== Exercise materials ==

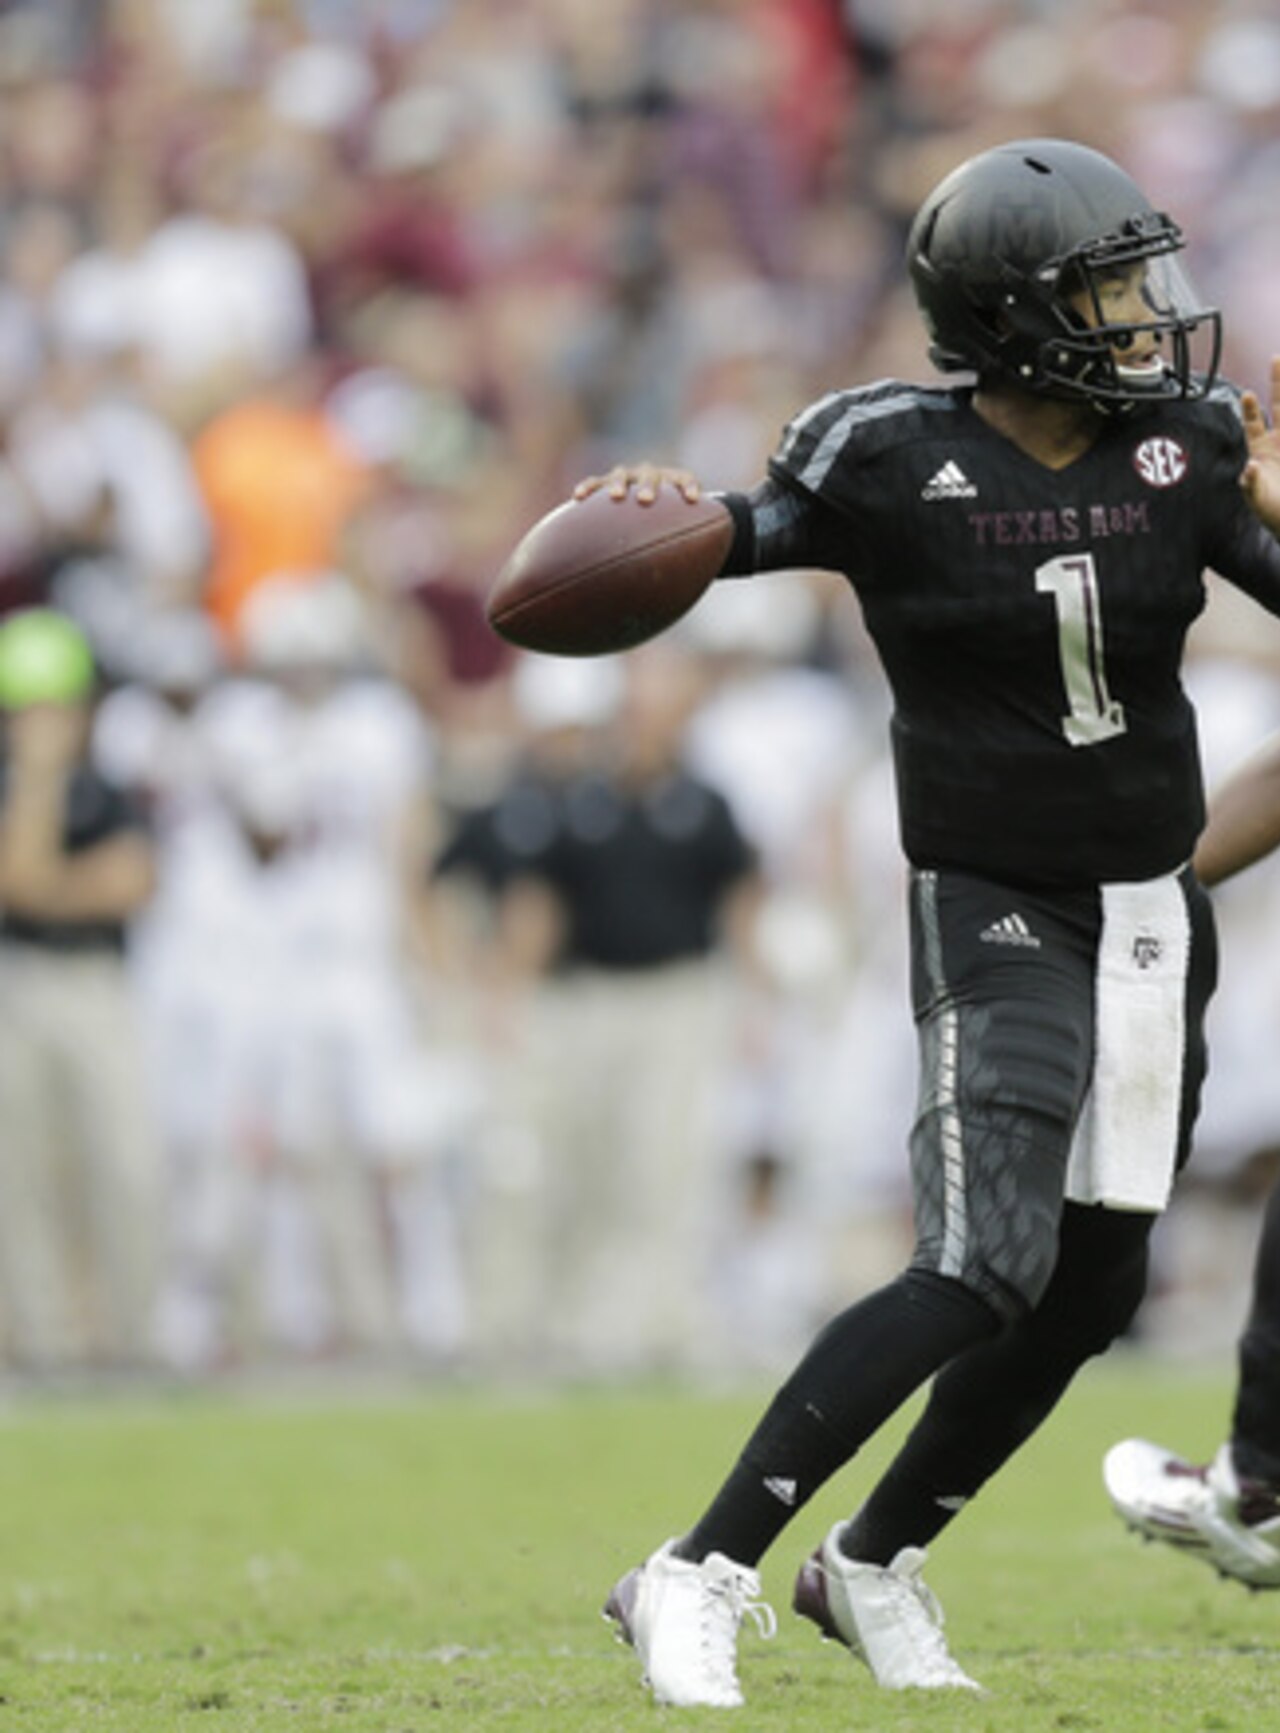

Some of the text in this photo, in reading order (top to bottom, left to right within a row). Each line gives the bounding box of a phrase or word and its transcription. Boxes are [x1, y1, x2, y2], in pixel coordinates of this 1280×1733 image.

[1136, 437, 1187, 486] SEC
[968, 501, 1151, 546] TEXAS A&M
[1034, 552, 1127, 746] 1
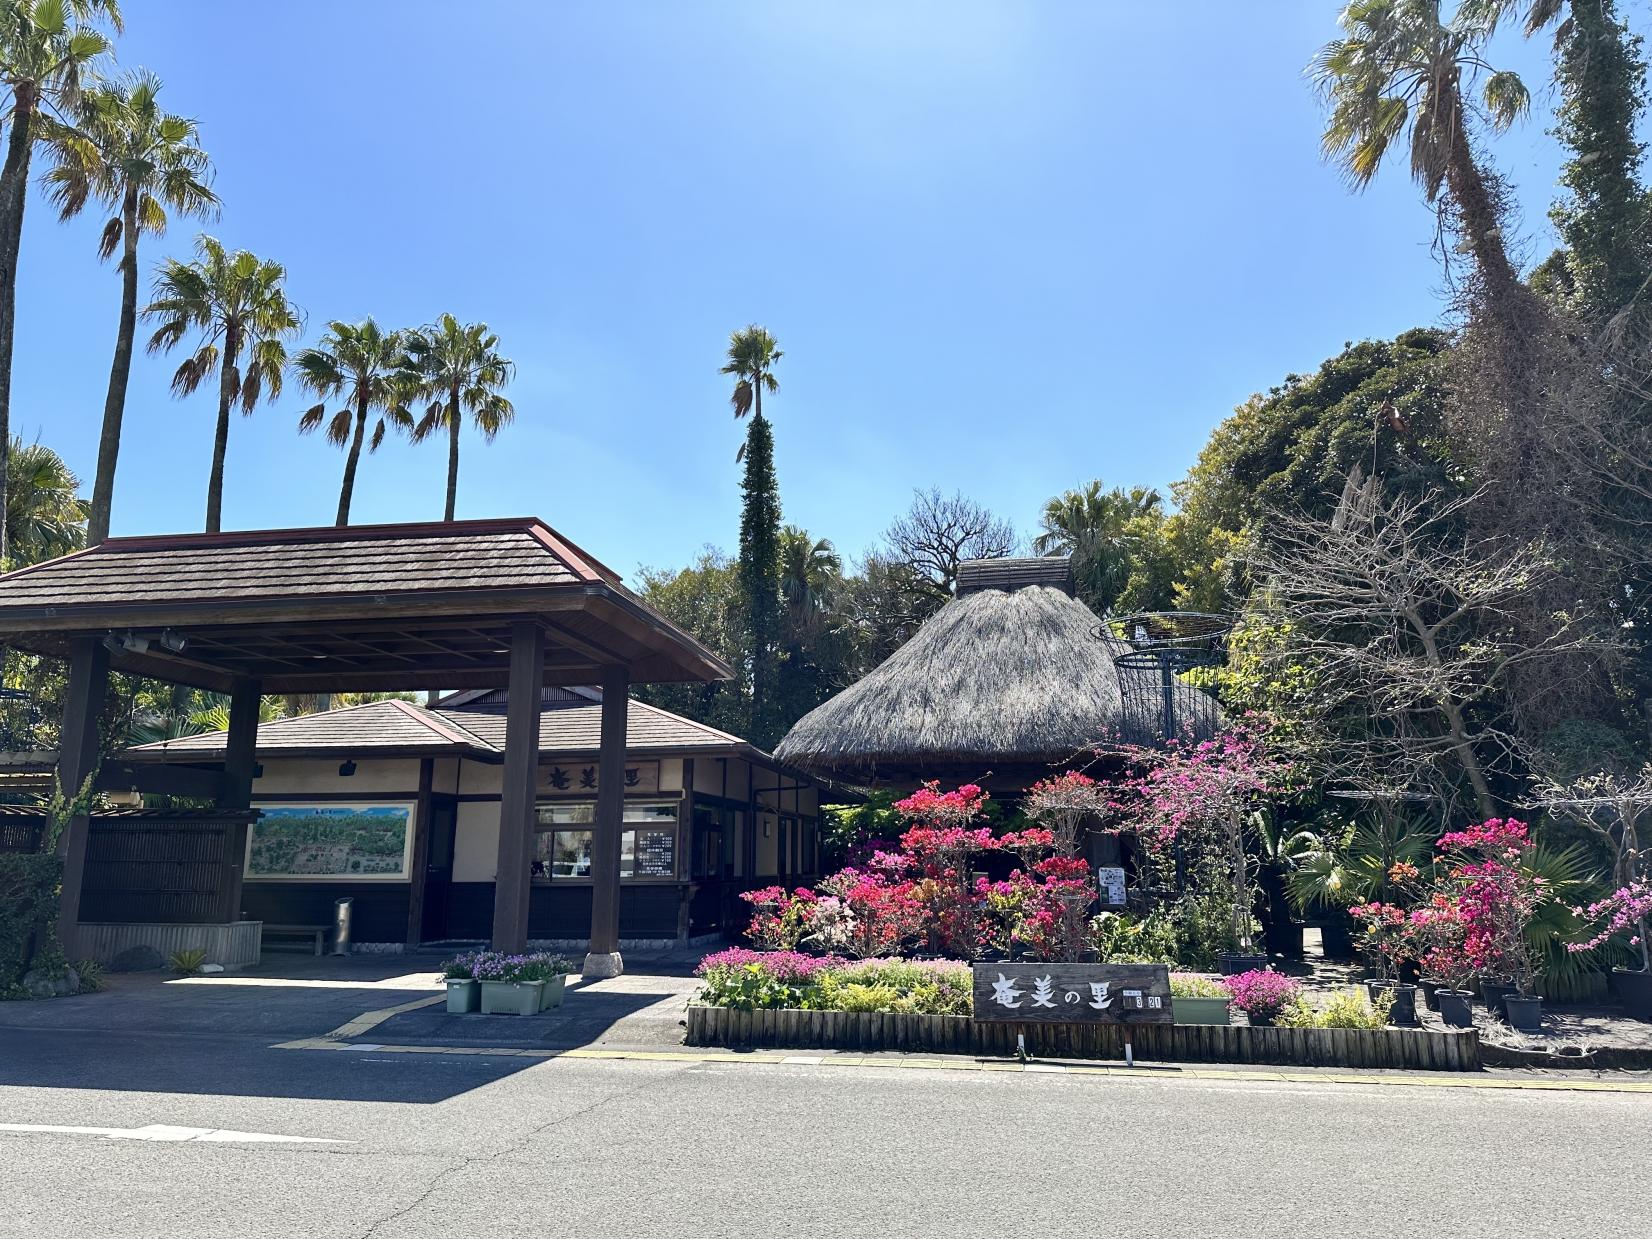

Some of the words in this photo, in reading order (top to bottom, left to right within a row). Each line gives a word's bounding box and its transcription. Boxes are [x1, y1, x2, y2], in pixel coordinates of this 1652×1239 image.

[547, 766, 641, 790] 奄美里
[989, 972, 1114, 1009] 奄美の里

===

About this exercise: Drop the images; copy every entry above exactly.

Completed exercise:
Some of the text in this photo, in reading order (top to bottom, left to right within a row). Each line gives the bounding box of a phrase or word and its transcription. Boxes are [x1, y1, x2, y2], in pixel coordinates of this 1280×1733 image.

[1136, 437, 1187, 486] SEC
[968, 501, 1151, 546] TEXAS A&M
[1034, 552, 1127, 746] 1

Some of the words in this photo, in reading order (top to bottom, left to right within a row). Each line gives a word's bounding box and its transcription. Boxes are [x1, y1, x2, y2], in pixel coordinates of this 1652×1239 image.

[547, 766, 641, 790] 奄美里
[989, 972, 1114, 1009] 奄美の里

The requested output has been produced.